One risk is that its reorganisation is not successful long term. Another is that its assets under management (AUM) may start to decline again.
However, a Q1 2024 update showed its AUM rose by 3% year on year, to £507.7bn. And consensus analysts’ expectations are now that its earnings will grow by a stunning 56% every year to end-2026.
Is it undervalued?
The demotion and automatic sell-off that followed have left the shares very undervalued, I think.
On the key price-to-book (P/B) measurement of stock value, it trades at just 0.5 against a peer group average of 3.6.
It also looks undervalued on the price-to-sales (P/S) ratio – trading at only 1.9 against a peer group average of 3.2.
On both key measures, the shares look like a major bargain to me.
Huge dividend payer
In 2023, it paid a total dividend of 14.6p per share. Based on the current share price of £1.53, this gives a yield of 9.5%.
Yields can fall as well as rise, depending on dividend payments and share prices. However, this compares to the current average FTSE 250 yield of 3.4% and the FTSE 100’s 3.8%.
So, a £10,000 investment would yield £950 this year. Over 10 years, provided the rate stayed the same, this would add £9,500 to the initial investment.

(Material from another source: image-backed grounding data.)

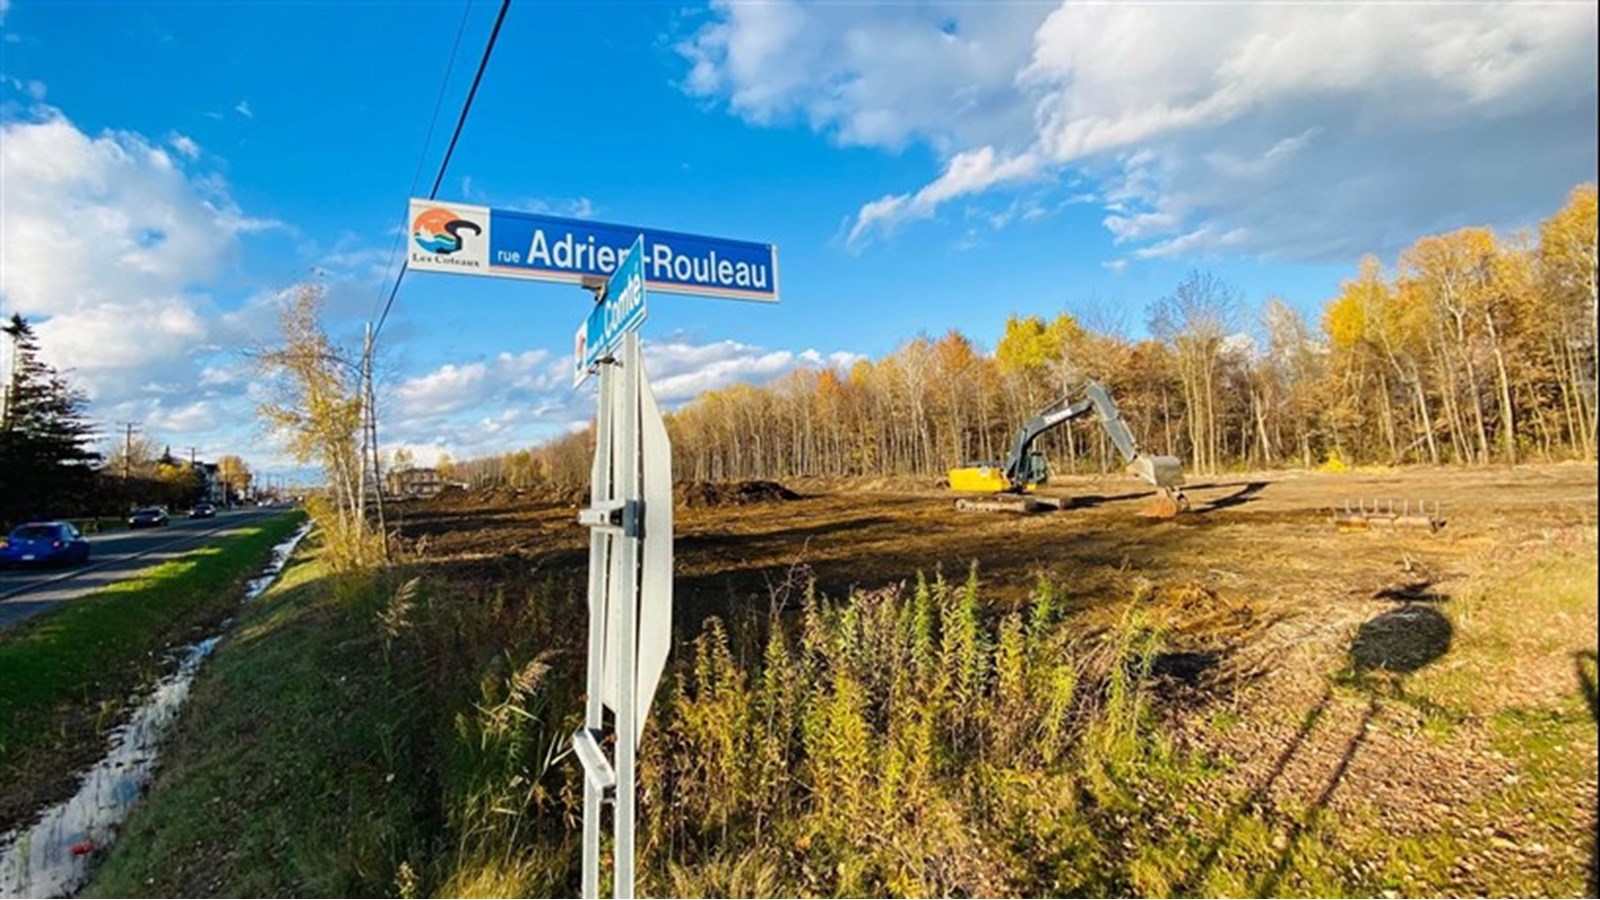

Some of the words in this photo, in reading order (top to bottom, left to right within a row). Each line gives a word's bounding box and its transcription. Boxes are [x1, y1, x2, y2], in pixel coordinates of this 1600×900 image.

[412, 252, 432, 264] Les
[435, 252, 480, 267] Coteaux
[497, 249, 521, 263] rue
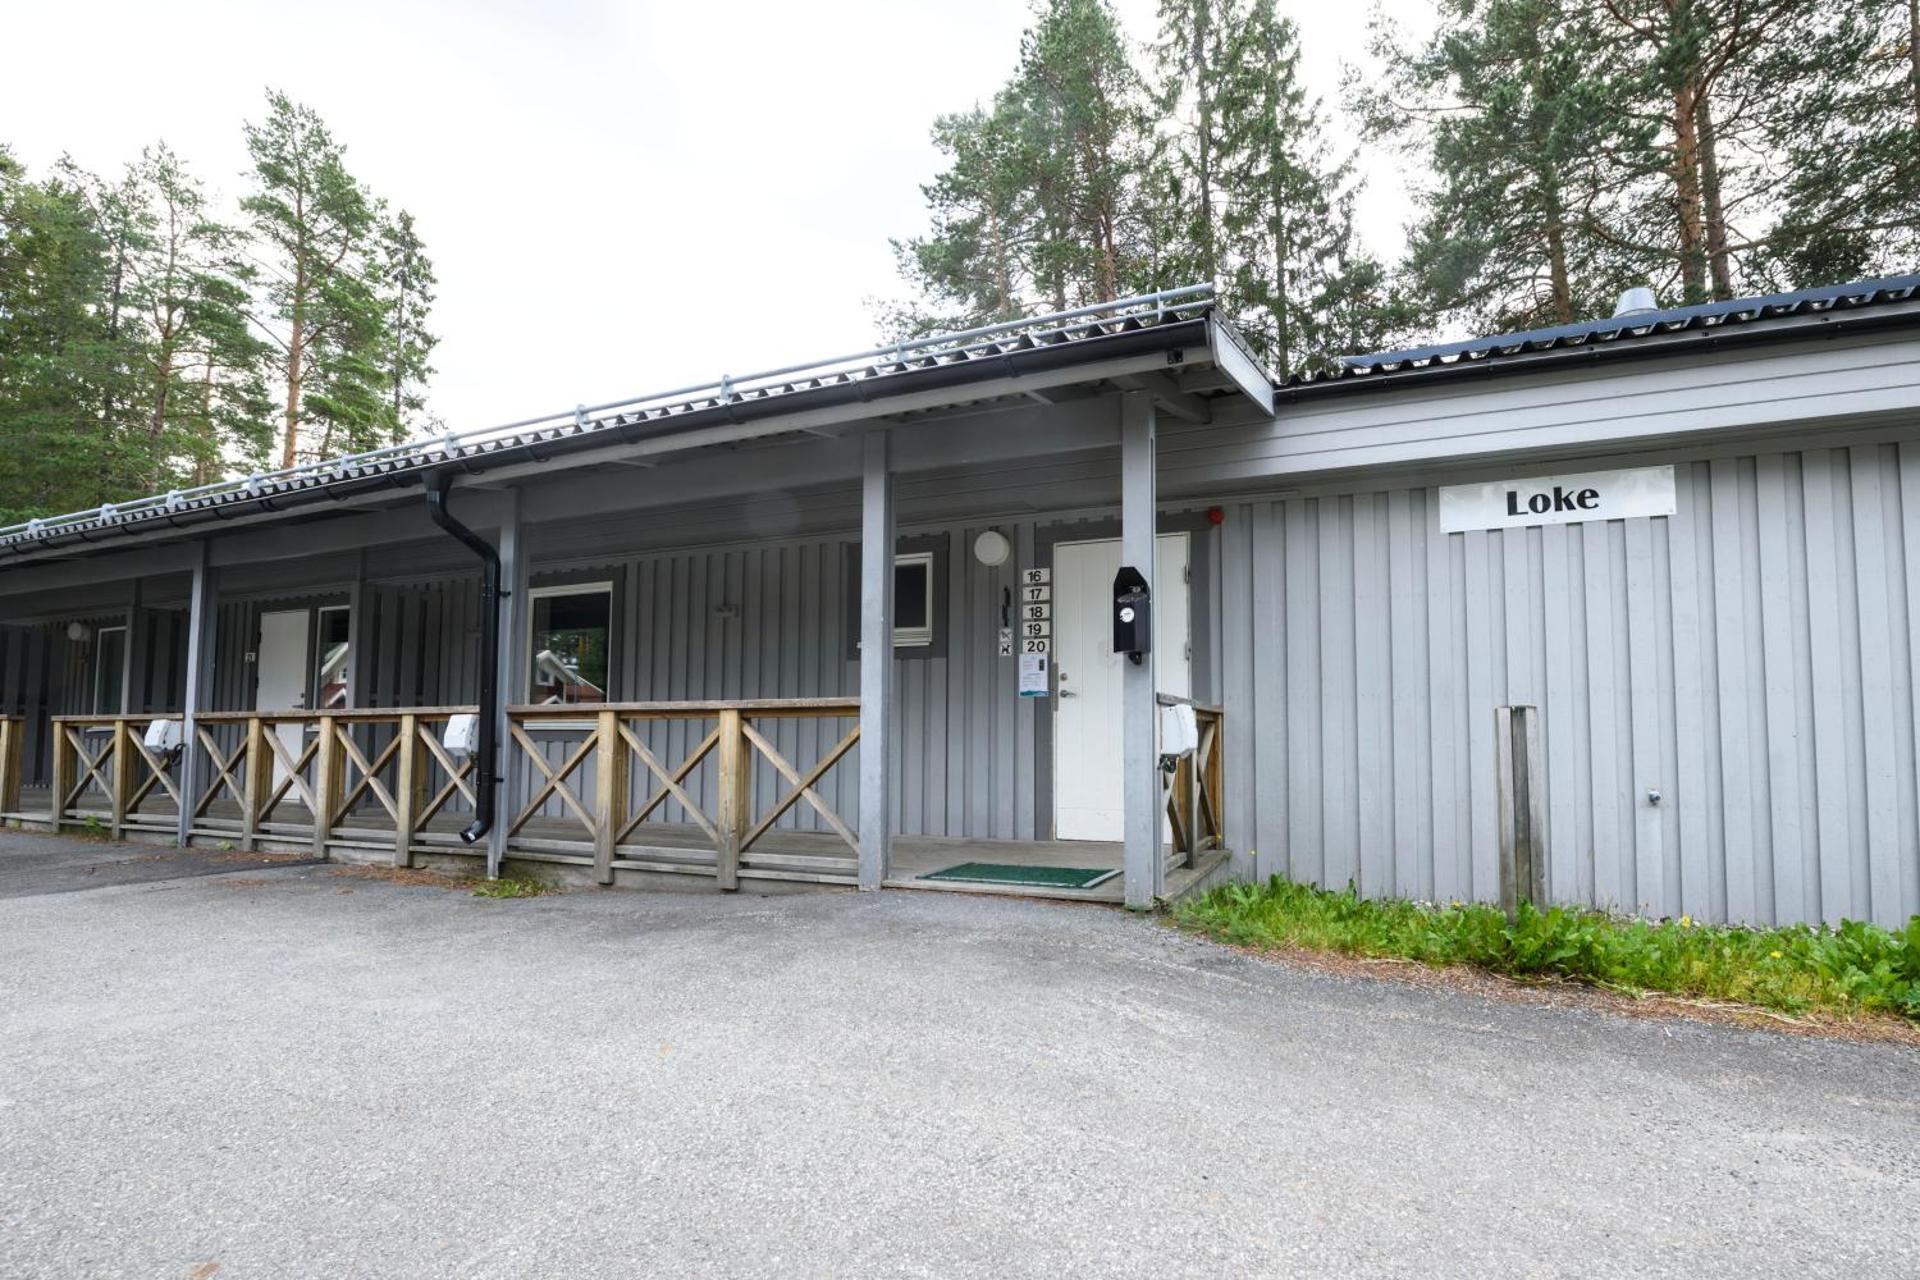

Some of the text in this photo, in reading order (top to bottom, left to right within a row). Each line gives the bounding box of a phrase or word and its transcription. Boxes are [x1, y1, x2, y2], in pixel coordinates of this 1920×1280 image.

[1506, 486, 1600, 516] Loke
[1027, 570, 1042, 582] 16
[1029, 588, 1042, 600] 17
[1029, 606, 1043, 618] 18
[1027, 623, 1042, 635] 19
[1027, 640, 1046, 652] 20

Crucially, though, much more could be made if I reinvested the dividends back into the stock – known as ‘dividend compounding’.
Doing this would give me an extra £15,761 instead of £9,500.
After 30 years of doing this with an average 9.5% yield, I would have £170,949. This would pay me £15,434 ayear in dividends or £1,286 a month.
Given the excellent yield, the apparent undervaluation, and its strong growth prospects, I will be buying more abrdn shares very soon.